How much it costs to climb Kilimanjaro in Japanese Yen
Here are the costs to climb Kilimanjaro in Japanese Yen against the USD:
- Marangu route– 6 days from USD 1,695 (Approximately ¥186,450)
- Machame route – 7 days from USD 1,985 (Approximately ¥218,350)
- Crater Camp route– 7 days from USD 2,895 (Approximately ¥318,450)
- Rongai route – 7 days from USD 1,885 (Approximately ¥207,350)
- Lemosho route– 8 days from USD 2,350 (Approximately ¥258,350)
- Northern Circuit route – 9 days from USD 2,545 (Approximately ¥279,950)
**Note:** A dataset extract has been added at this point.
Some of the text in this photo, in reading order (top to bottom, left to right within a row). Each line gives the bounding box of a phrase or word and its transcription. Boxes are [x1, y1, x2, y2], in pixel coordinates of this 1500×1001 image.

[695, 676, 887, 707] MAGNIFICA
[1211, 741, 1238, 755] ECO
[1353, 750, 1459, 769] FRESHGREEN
Please note that the prices mentioned above are approximate values in Japanese Yen based on the exchange rate at the time of writing. The actual conversion rate may vary depending on the current exchange rate. Climbing Kilimanjaro is a significant adventure that requires careful planning, preparation, and guidance from experienced guides to ensure a safe and successful ascent. The cost typically includes various services, such as park fees, accommodation, meals, guide and porter services, and sometimes additional amenities. It’s essential to choose a reputable tour operator that provides quality services and prioritizes safety during the climb.
The Northern Alps, Hida Mountains
The Northern Alps, also known as the Hida Mountains, is a spectacular mountain range located in central Japan. Stretching across the prefectures of Nagano, Toyama, and Gifu, these majestic peaks offer breathtaking alpine scenery and outdoor adventures for nature enthusiasts and climbers alike.
Mount Hotaka, the tallest peak in the Northern Alps, stands proudly at an elevation of 3,190 meters (10,466 feet). Its impressive summit attracts climbers from around the world seeking the thrill of conquering its challenging slopes and experiencing the awe-inspiring views from the top.
Another renowned peak in the range is Mount Yari, known for its distinct triangular shape and rugged beauty. It is a popular destination for experienced hikers who relish the challenge of ascending its steep and rocky trails.
The Northern Alps also boast stunning valleys, glacial lakes, and cascading waterfalls, creating a serene and picturesque landscape that captivates visitors. The Kamikochi area, nestled within the range, is particularly famous for its pristine beauty and is a favorite spot for nature lovers seeking tranquility and inspiration.
Throughout the year, the Northern Alps offer various recreational activities such as hiking, camping, and skiing during the winter months. The region’s natural beauty and cultural significance have earned it a place as one of Japan’s most cherished and revered mountain ranges.
Whether you’re a seasoned mountaineer or a leisurely explorer, the Northern Alps’ grandeur and serenity beckon you to immerse yourself in the wonders of Japan’s alpine wilderness.